Security model | Agenetix Docs

Agenetix uses fine-grained, hierarchical role-based access control. Every API call is checked against your organization's permission model before executing.

Organization hierarchy#

Everything in Agenetix lives inside an organization. Resources are organized in a hierarchy:

MERMAID

flowchart TD
    Org["Organization"] --> MCP["MCP Servers"]
    Org --> GW["Gateways"]
    Org --> Agent["Agents"]
    Org --> SA["API Keys / Service Accounts"]
    MCP --> Tools["Tools"]
    Agent --> Conv["Conversations"]

Child resources inherit permissions from their parent. For example, if you can edit an MCP server, you can also edit its tools.

Permissions#

Resource	View	Edit	Create	Delete
MCP Servers	Yes	Yes	Yes	Yes
Gateways	Yes	Yes	Yes	Yes
Agents	Yes	Yes	Yes	Yes
Logs	Yes	—	—	—

Permissions are assigned per organization member. You can have different roles across different organizations.

Authentication methods#

Method	Best for	Details
Dashboard login	Interactive users	Email/password session with secure cookies
API keys	Programmatic access, CI/CD	Long-lived keys scoped to an organization.

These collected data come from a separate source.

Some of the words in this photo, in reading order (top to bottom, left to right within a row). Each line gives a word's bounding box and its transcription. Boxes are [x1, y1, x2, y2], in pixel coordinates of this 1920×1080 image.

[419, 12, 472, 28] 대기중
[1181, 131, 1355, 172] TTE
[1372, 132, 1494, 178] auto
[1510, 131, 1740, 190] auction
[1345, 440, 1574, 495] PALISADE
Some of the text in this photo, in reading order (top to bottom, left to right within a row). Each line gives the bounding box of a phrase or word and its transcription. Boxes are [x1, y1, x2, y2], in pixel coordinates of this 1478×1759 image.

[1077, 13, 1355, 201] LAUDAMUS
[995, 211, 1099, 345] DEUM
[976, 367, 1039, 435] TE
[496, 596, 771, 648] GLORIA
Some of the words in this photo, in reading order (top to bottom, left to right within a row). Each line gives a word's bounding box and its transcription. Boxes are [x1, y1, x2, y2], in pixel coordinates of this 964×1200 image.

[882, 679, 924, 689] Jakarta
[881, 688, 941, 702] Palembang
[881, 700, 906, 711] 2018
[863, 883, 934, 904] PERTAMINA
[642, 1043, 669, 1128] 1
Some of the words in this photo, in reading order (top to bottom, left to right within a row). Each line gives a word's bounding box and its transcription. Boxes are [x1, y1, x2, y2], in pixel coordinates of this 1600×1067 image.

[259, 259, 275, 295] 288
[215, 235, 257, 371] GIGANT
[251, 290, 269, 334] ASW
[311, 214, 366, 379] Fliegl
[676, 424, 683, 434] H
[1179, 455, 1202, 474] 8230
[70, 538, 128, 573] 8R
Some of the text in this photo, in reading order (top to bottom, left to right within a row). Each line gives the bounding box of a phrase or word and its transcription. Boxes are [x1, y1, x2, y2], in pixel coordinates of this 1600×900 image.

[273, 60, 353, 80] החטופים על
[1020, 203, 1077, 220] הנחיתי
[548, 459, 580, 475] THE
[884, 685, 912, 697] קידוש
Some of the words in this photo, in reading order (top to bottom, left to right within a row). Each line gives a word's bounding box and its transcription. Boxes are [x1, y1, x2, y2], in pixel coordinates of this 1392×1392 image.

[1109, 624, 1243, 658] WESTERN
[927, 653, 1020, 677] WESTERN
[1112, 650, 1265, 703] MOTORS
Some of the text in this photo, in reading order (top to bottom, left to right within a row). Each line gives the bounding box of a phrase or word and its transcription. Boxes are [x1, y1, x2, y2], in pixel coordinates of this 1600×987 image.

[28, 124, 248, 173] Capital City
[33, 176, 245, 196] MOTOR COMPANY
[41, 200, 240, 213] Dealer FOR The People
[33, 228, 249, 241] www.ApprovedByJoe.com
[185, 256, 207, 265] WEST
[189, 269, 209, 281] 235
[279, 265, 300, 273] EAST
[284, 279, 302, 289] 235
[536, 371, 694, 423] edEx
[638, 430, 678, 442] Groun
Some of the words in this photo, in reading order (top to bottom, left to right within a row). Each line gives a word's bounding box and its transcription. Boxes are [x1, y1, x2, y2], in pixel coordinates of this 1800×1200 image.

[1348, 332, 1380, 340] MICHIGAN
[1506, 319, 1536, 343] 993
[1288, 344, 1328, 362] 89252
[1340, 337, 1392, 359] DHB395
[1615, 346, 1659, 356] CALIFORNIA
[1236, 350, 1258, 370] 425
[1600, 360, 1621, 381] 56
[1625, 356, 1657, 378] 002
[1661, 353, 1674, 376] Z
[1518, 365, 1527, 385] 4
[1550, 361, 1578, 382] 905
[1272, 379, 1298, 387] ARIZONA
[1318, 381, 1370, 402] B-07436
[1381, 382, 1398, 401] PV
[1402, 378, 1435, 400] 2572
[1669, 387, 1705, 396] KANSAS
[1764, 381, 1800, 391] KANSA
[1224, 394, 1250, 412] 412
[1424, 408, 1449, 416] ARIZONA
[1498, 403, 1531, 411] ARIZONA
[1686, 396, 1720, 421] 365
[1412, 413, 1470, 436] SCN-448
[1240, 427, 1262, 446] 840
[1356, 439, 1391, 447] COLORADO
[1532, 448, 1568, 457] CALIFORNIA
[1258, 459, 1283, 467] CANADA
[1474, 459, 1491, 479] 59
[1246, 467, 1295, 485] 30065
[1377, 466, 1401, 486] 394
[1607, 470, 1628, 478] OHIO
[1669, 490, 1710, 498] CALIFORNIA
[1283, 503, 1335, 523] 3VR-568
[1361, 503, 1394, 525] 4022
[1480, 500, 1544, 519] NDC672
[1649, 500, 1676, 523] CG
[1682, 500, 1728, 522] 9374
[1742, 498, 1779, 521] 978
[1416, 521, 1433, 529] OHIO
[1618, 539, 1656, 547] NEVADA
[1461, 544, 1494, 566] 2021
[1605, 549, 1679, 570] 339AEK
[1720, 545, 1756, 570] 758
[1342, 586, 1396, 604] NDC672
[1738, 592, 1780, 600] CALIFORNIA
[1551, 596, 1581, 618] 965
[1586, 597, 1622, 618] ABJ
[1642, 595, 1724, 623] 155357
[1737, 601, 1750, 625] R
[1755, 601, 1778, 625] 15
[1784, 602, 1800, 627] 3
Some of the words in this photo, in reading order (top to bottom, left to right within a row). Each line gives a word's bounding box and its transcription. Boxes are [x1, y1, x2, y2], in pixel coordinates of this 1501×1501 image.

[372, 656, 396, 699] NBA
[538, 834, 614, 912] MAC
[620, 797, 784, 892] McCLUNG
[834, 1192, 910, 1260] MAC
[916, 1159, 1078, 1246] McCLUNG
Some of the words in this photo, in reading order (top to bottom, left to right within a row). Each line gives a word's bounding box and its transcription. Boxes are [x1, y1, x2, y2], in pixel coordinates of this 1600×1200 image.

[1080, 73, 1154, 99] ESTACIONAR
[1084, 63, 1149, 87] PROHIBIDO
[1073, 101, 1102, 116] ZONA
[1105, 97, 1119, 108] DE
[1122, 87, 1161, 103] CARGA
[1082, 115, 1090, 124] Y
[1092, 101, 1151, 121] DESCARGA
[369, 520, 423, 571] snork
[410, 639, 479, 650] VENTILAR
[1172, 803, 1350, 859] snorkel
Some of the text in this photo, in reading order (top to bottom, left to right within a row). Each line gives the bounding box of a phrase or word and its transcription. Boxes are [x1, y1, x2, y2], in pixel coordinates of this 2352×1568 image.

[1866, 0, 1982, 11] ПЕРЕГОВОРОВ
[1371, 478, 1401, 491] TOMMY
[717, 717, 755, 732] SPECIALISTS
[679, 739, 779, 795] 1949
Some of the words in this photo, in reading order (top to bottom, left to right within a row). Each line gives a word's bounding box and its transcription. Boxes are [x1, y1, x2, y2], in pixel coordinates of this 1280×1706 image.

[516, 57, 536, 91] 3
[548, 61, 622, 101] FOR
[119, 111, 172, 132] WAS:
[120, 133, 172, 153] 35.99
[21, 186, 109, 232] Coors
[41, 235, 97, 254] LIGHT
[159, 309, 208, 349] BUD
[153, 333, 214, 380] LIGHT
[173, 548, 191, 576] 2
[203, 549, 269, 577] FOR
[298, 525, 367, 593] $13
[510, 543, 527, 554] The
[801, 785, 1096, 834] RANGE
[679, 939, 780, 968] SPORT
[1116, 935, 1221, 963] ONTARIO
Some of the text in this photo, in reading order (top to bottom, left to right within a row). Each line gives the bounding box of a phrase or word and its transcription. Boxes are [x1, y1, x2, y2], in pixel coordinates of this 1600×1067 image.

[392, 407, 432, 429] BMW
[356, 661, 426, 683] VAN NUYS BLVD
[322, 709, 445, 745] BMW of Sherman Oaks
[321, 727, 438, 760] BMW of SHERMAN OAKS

Provide via `X-API-Key` header.
OAuth 2.1 PKCE (coming soon)	CLI interactive login	Browser-based flow with short-lived tokens
Service account tokens (coming soon)	Headless automation	Scoped, time-bound tokens for CI/CD pipelines

Audit trail#

Every change in Agenetix is recorded in the audit log:

Who performed the action (user or API key)
What resource was affected
What changed (field-level diff)
When it happened

You can view audit events in the dashboard or query them via the API.

Concurrent editing safety#

Agenetix prevents accidental overwrites when multiple people edit the same resource simultaneously. If someone else saves a change while you are editing, your save will ask you to refresh and re-apply your changes rather than silently overwriting theirs.